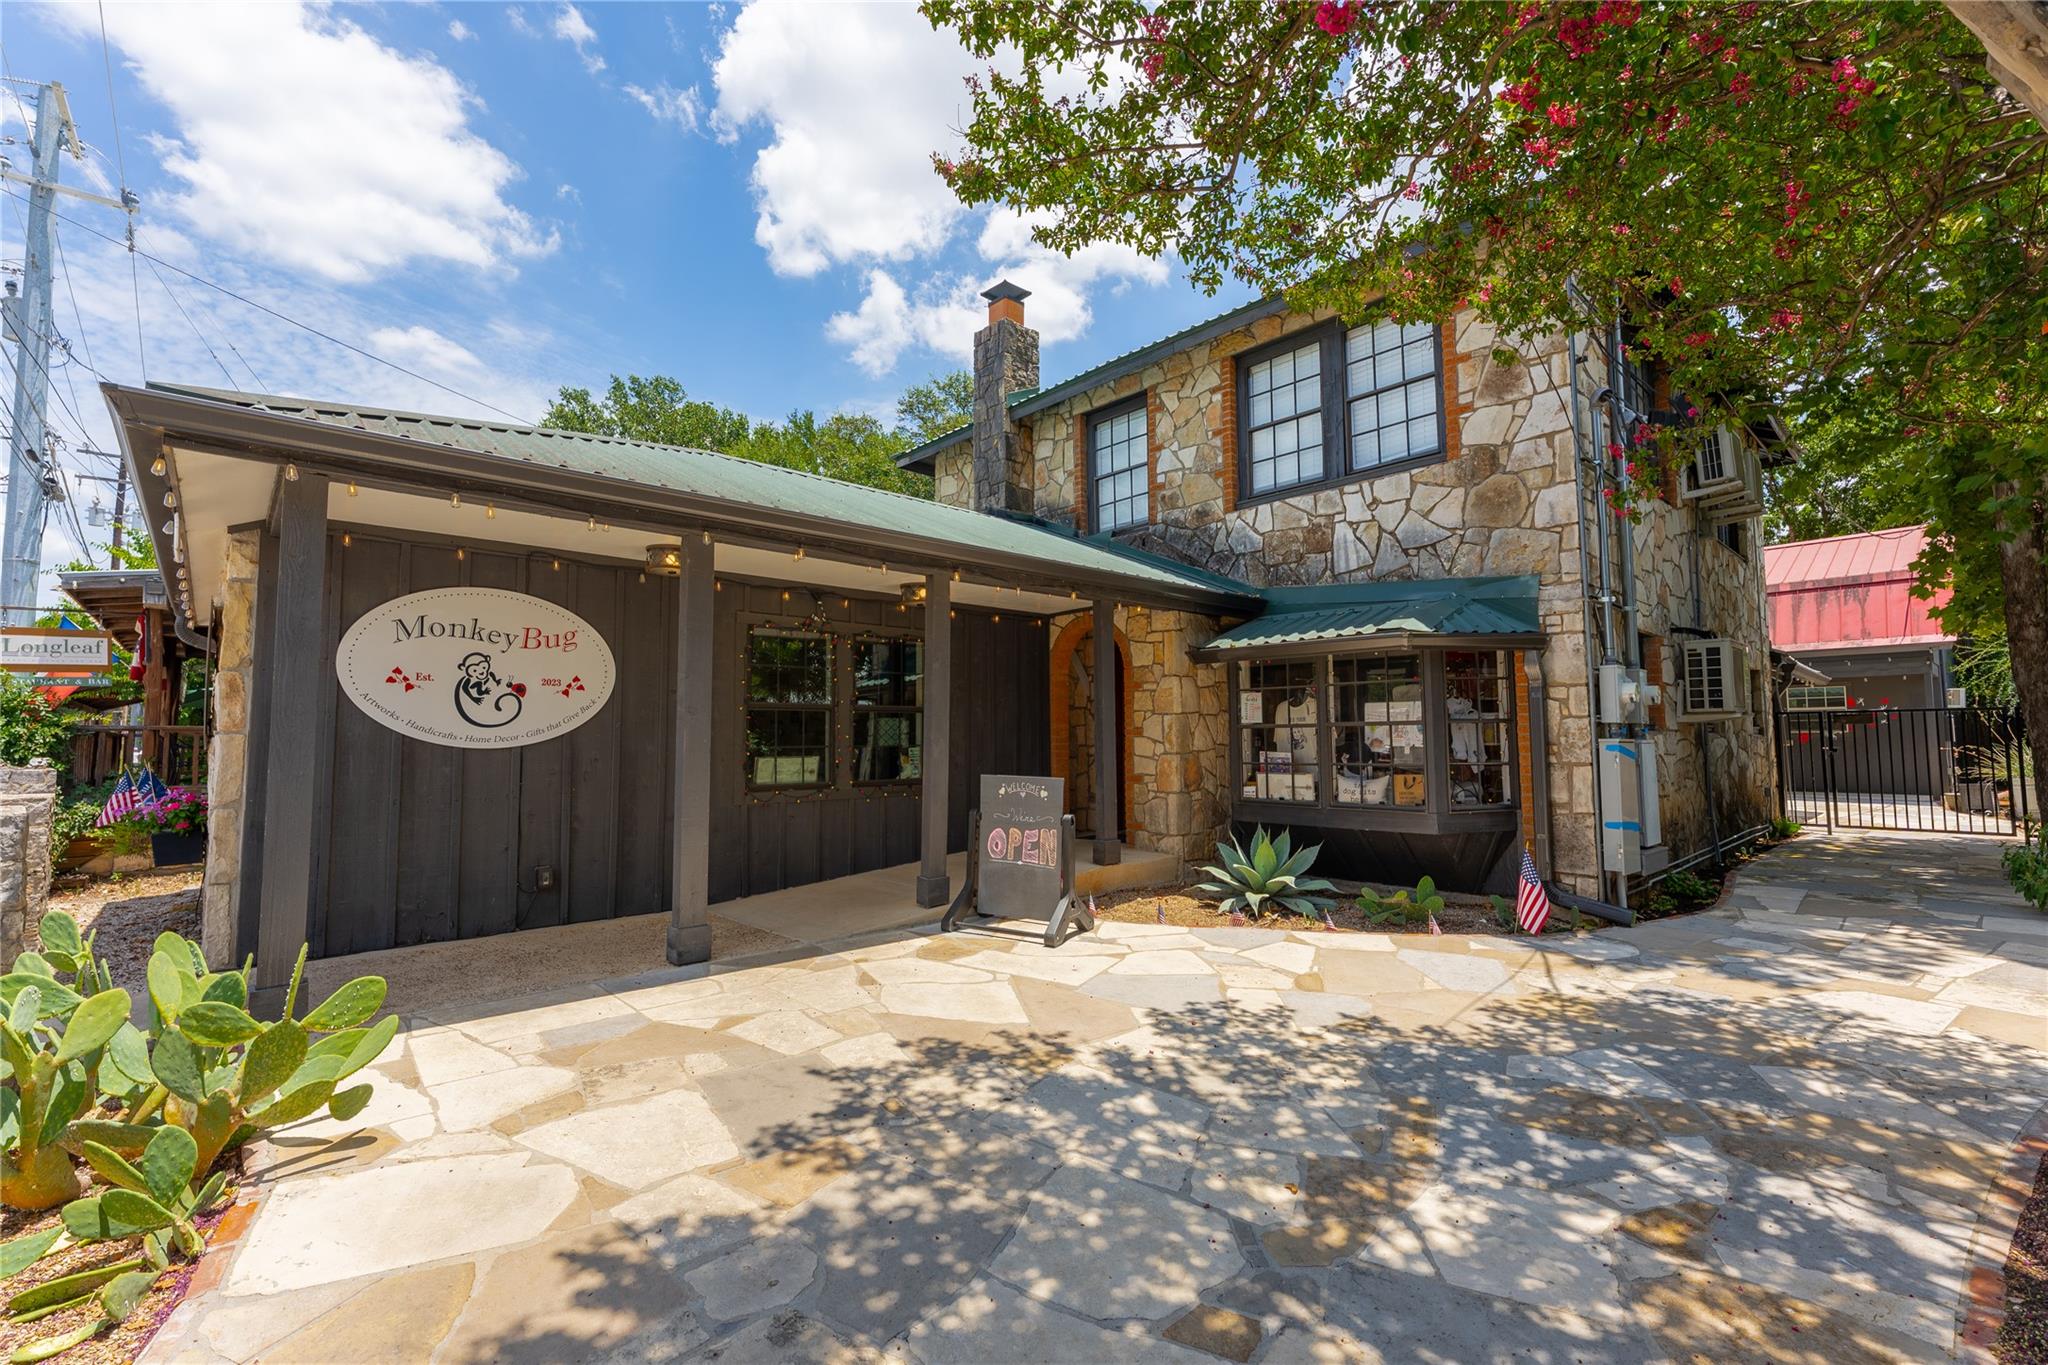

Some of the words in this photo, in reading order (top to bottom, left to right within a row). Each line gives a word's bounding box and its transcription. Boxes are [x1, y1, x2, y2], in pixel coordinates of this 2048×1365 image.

[391, 614, 578, 654] MonkeyBug
[3, 637, 103, 658] Longleaf
[75, 678, 82, 686] &
[88, 677, 109, 686] BAR
[415, 672, 435, 682] Est.
[541, 678, 562, 687] 2023
[360, 692, 400, 721] Artworks
[405, 719, 458, 741] Handicrafts
[464, 734, 492, 743] Home
[494, 734, 519, 743] Decor
[526, 726, 545, 738] Gifts
[546, 721, 562, 732] that
[562, 712, 580, 725] Give
[579, 698, 598, 715] Back
[1005, 781, 1041, 795] WELCOME
[987, 827, 1058, 867] OPEN
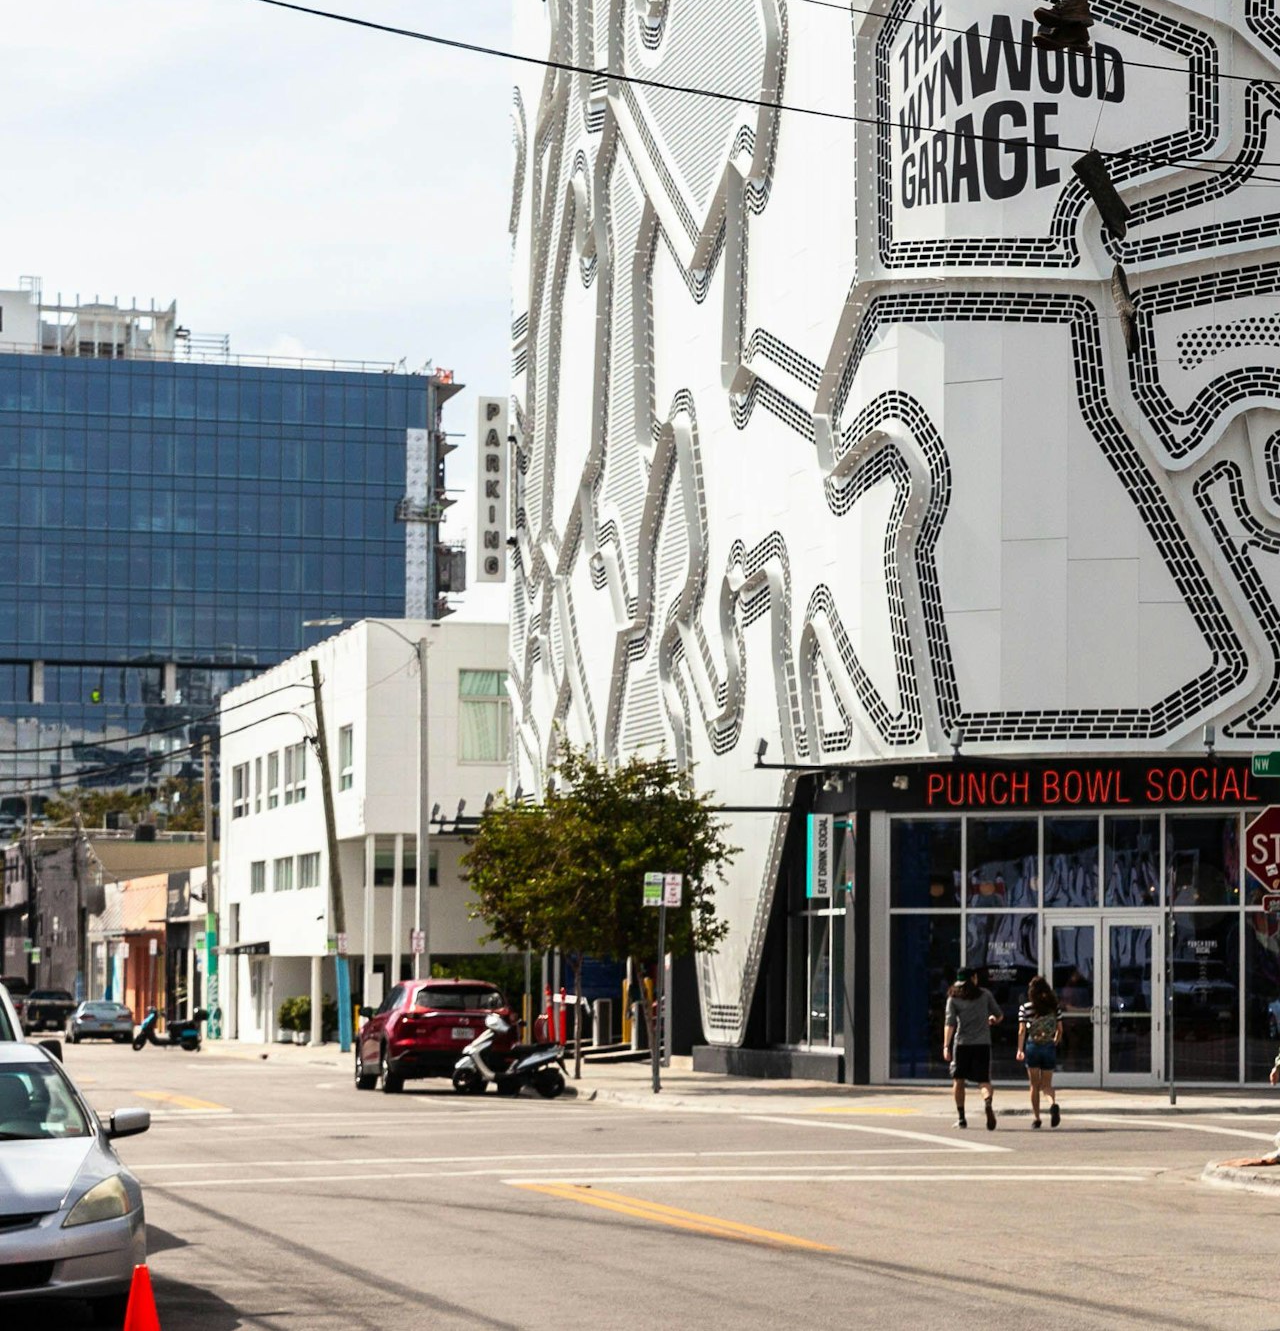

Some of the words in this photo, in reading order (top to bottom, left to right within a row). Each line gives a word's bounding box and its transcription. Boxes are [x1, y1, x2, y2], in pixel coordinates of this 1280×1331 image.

[899, 14, 1125, 155] WYNWOOD
[901, 99, 1060, 209] GARAGE
[485, 402, 501, 576] PARKING
[1254, 758, 1269, 771] NW
[928, 771, 1030, 806] PUNCH
[1042, 769, 1131, 804] BOWL
[1145, 767, 1259, 802] SOCIAL
[818, 817, 828, 848] SOCIAL
[818, 849, 828, 876] DRINK
[818, 878, 827, 894] EAT

---

Everything from the line containing "this 1280×1331 image." to the last line of the data above must be set down exactly, both ends included, with no other lines.

- **OUTPUT OF THE EXERCISE**
Some of the words in this photo, in reading order (top to bottom, left to right within a row). Each line gives a word's bounding box and its transcription. Boxes are [x1, y1, x2, y2], in pixel coordinates of this 1280×1331 image.

[899, 14, 1125, 155] WYNWOOD
[901, 99, 1060, 209] GARAGE
[485, 402, 501, 576] PARKING
[1254, 758, 1269, 771] NW
[928, 771, 1030, 806] PUNCH
[1042, 769, 1131, 804] BOWL
[1145, 767, 1259, 802] SOCIAL
[818, 817, 828, 848] SOCIAL
[818, 849, 828, 876] DRINK
[818, 878, 827, 894] EAT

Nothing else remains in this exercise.